I'd recommend a "practice run" on something less valuable than the loco. I dirty our models rather than fade them, but I would think the Dull Cote and white chalk would work well for your application. A light colored wash might also be effective. Have fun!!!
 
well with chalks I can't really go to wrong... they can come back off, anyways i can make a test run on my Atlas GT boxcar.
 
Testing...

Testing the artists oils, using "Antique white" on an IC hi-cube 40' PD box:
View attachment 2120 View attachment 2121

I like how it turns out, have to practice a bit before I hit up the GP7, as you can see there's a bit to much white in a few of the crevices, oh well, it'll later get layered with rustall, and sanded slightly to wear the printing...

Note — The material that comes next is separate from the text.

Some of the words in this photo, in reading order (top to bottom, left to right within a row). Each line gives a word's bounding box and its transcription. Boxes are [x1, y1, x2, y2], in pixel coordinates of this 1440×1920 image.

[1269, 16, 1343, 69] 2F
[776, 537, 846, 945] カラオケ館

P.S. please don't comment on the stand (SD40-2 frame), it hurts her feelings...
 
Airbrush with white overspray. Fill color cup with thinner, and put one drop of white in. Mix well and spray. Will not be noticeable in one coat, may need multiple passes.

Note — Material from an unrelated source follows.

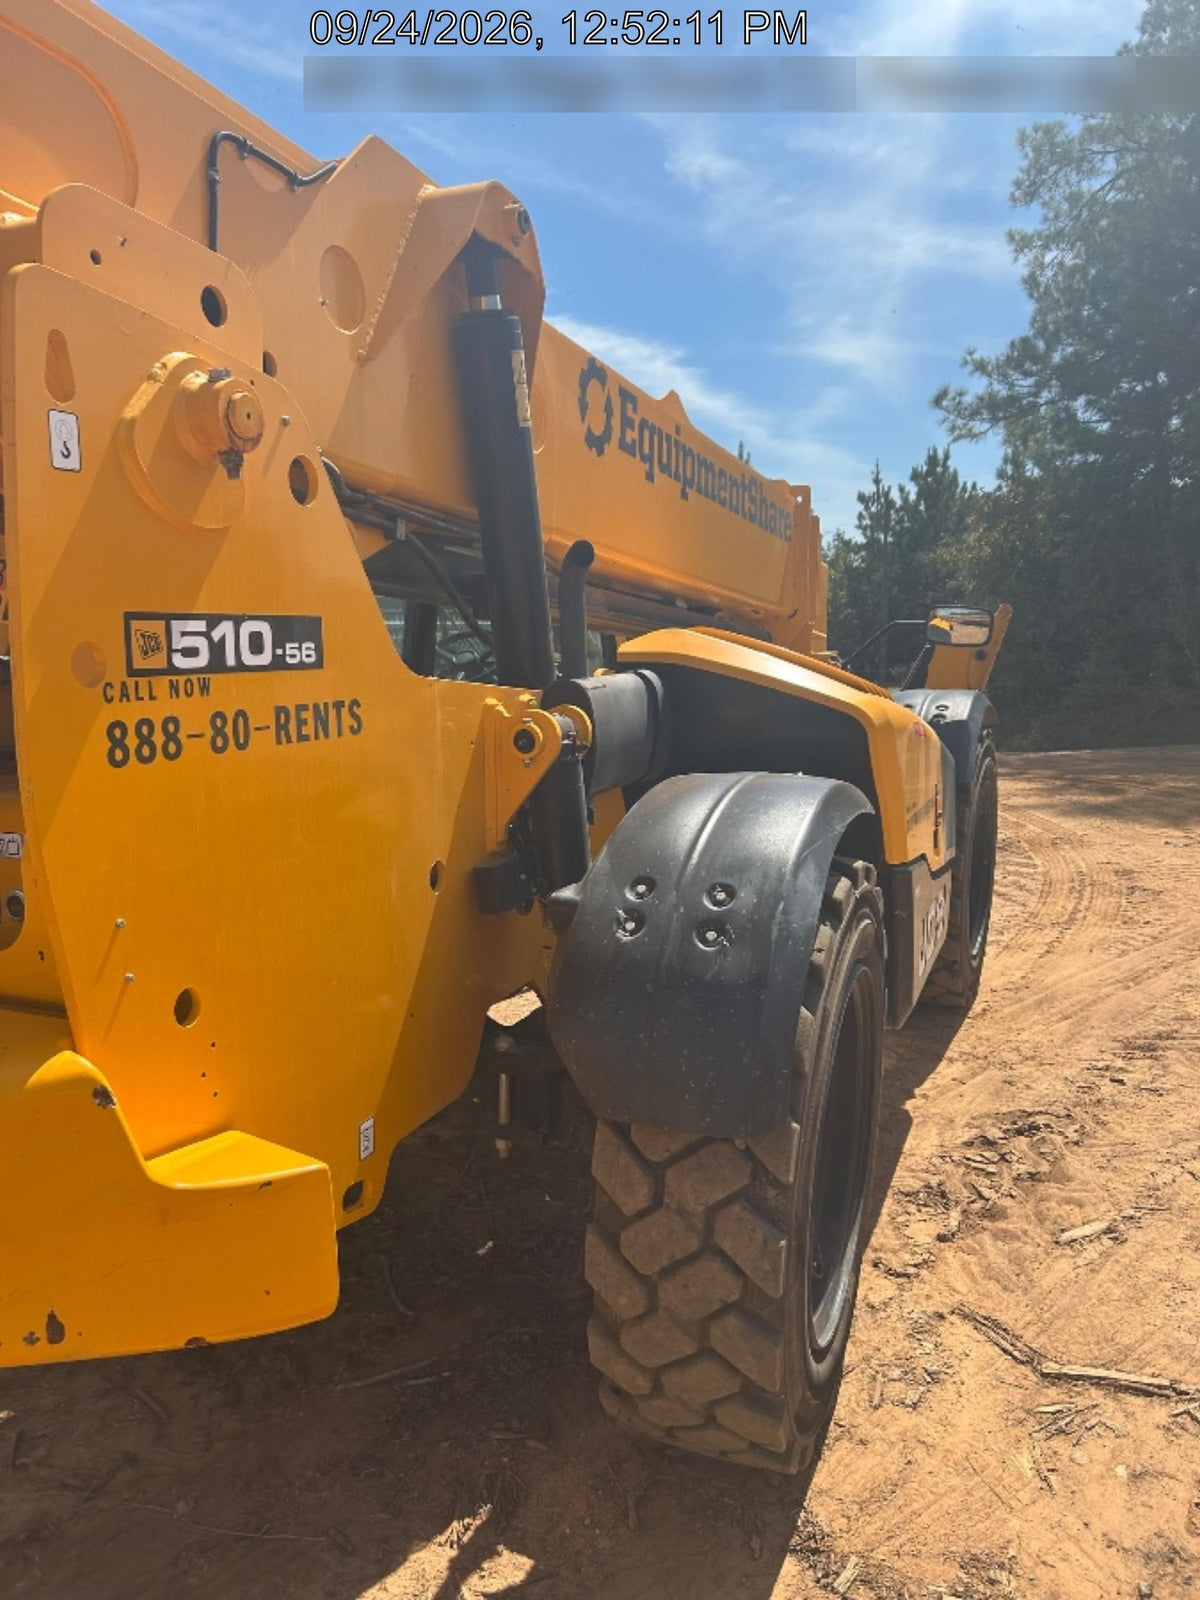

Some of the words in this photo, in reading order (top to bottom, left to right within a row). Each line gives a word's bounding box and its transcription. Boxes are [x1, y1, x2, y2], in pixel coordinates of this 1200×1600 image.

[618, 384, 792, 542] EquipmentShare
[102, 681, 158, 704] CALL
[169, 677, 212, 699] NOW
[106, 698, 364, 769] 888-80-RENTS

This was demo'd to me by Gary Walton, MR-ding contributor, on a bunch of those (dark blue) Pacer Stacktrain 53' containers in a weathering clinic.

Kennedy
 
I use a 10:1 Grey acrylic paint and water. The shine is a trick of the camera and not there in reality.

refine11.gif

refine18.gif
 
HaggisKennedy said:
Airbrush with white overspray. Fill color cup with thinner, and put one drop of white in. Mix well and spray. Will not be noticeable in one coat, may need multiple passes.

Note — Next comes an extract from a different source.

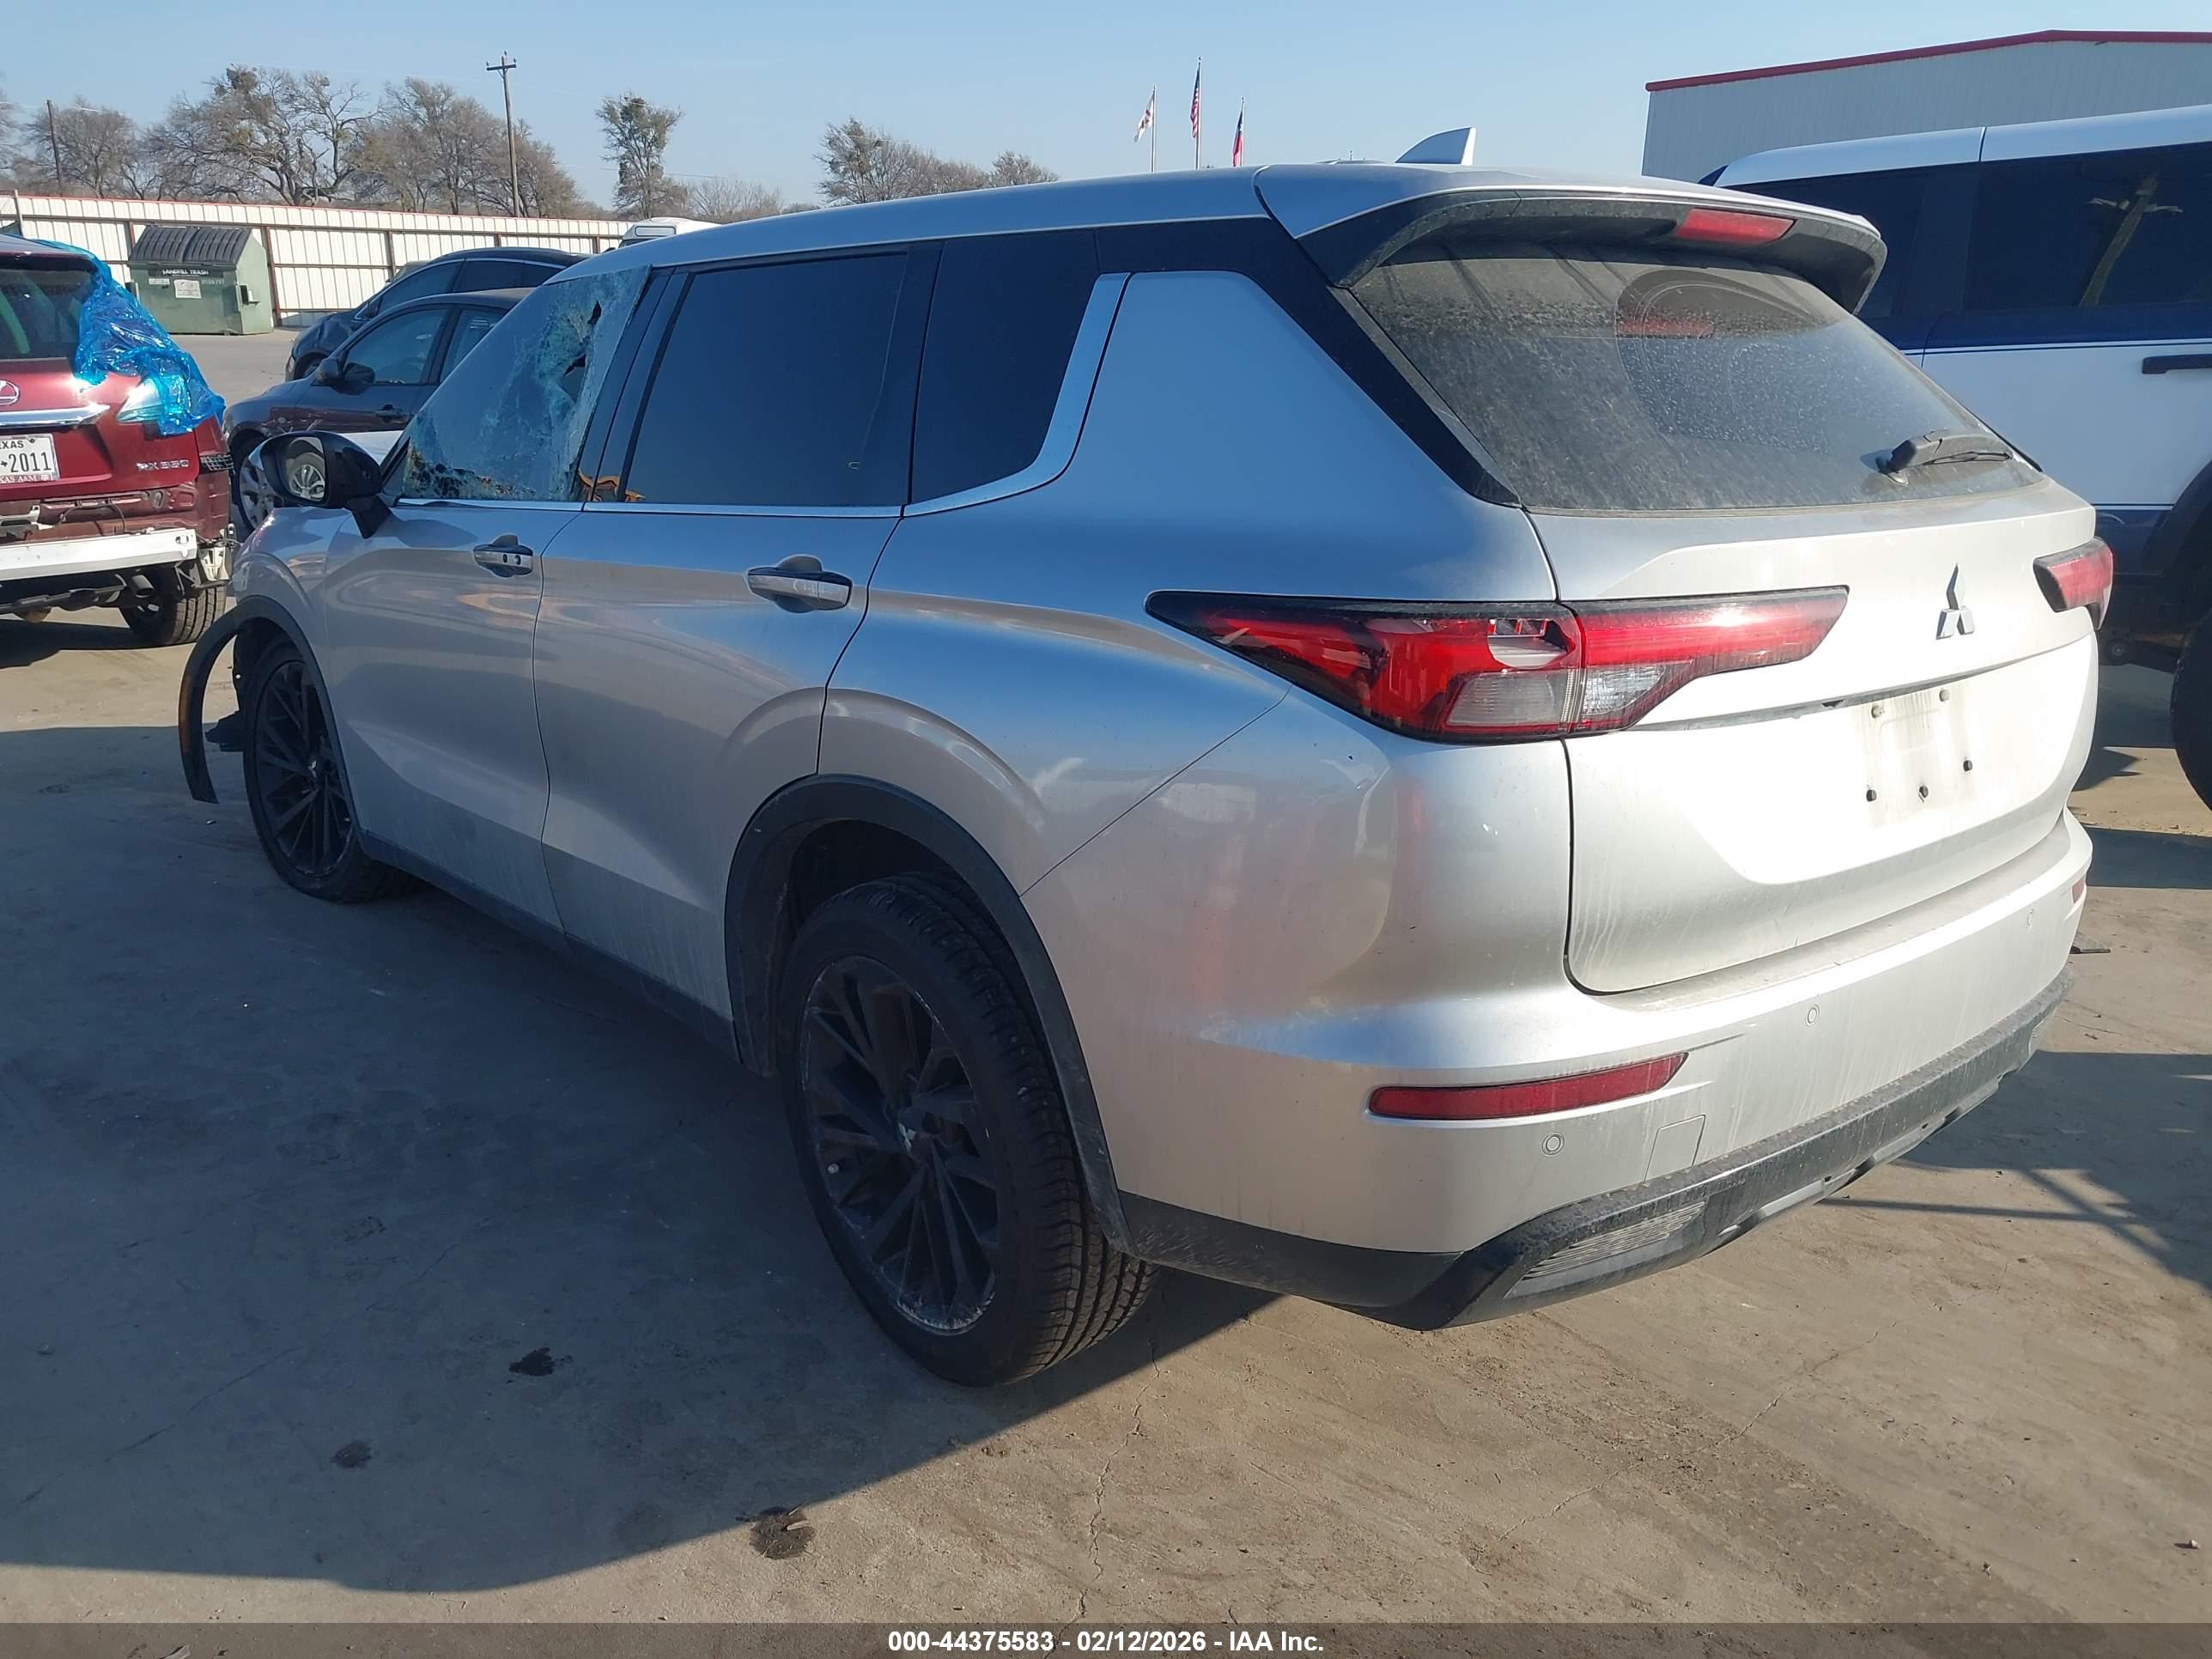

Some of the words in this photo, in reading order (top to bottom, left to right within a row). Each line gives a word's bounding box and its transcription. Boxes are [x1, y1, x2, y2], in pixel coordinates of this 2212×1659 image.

[0, 440, 24, 449] XAS
[9, 452, 52, 472] 2011
[160, 459, 189, 469] 350

This was demo'd to me by Gary Walton, MR-ding contributor, on a bunch of those (dark blue) Pacer Stacktrain 53' containers in a weathering clinic.

Kennedy
I'll test that, once with model paint, once with rubbing alcohol and artists oils... On to the SP box (which will eventialy become a scrap box anyways).
 
Kennedy gives a good recommendation of using an extremely thinned white. The only danger with that method (or really any lightening method, when you get right down to it) is that the change is so gradual because of doing so many coats over a couple hours you can easily not notice how much you're accumulating and overdo it. It's best to have a factory painted equivalent model to place next to the one you're lightening in between coats. You'll see the true change you're making and lessen the likelihood that you'll overdo it.
 
RCH said:
Kennedy gives a good recommendation of using an extremely thinned white. The only danger with that method (or really any lightening method, when you get right down to it) is that the change is so gradual because of doing so many coats over a couple hours you can easily not notice how much you're accumulating and overdo it. It's best to have a factory painted equivalent model to place next to the one you're lightening in between coats. You'll see the true change you're making and lessen the likelihood that you'll overdo it.
Before I did mine, I painted some scrap styrene in the same orange color, applied black decals, and dullcoated it, then test-sprayed my white wash over those. I made varying numbers of passes over 3 different pieces, logging the number for each one, and waited for them to dry. Then I had a better idea as to what would work best on the actual models.
 
CSX_road_slug said:
Before I did mine, I painted some scrap styrene in the same orange color, applied black decals, and dullcoated it, then test-sprayed my white wash over those. I made varying numbers of passes over 3 different pieces, logging the number for each one, and waited for them to dry. Then I had a better idea as to what would work best on the actual models.

And ladies and gentlemen, that's how it's done. Make the art of painting into a science and it can be done in the dark...

Half the time, I *am* painting in near darkness.... that's when my girls fall asleep so I can work on the trains. :D
 
I just beat up an old boxcar... lol, never gone throught the work to make a sheet to test it on, lol. I should be testing sample #2 sometime this weekend, on my well car.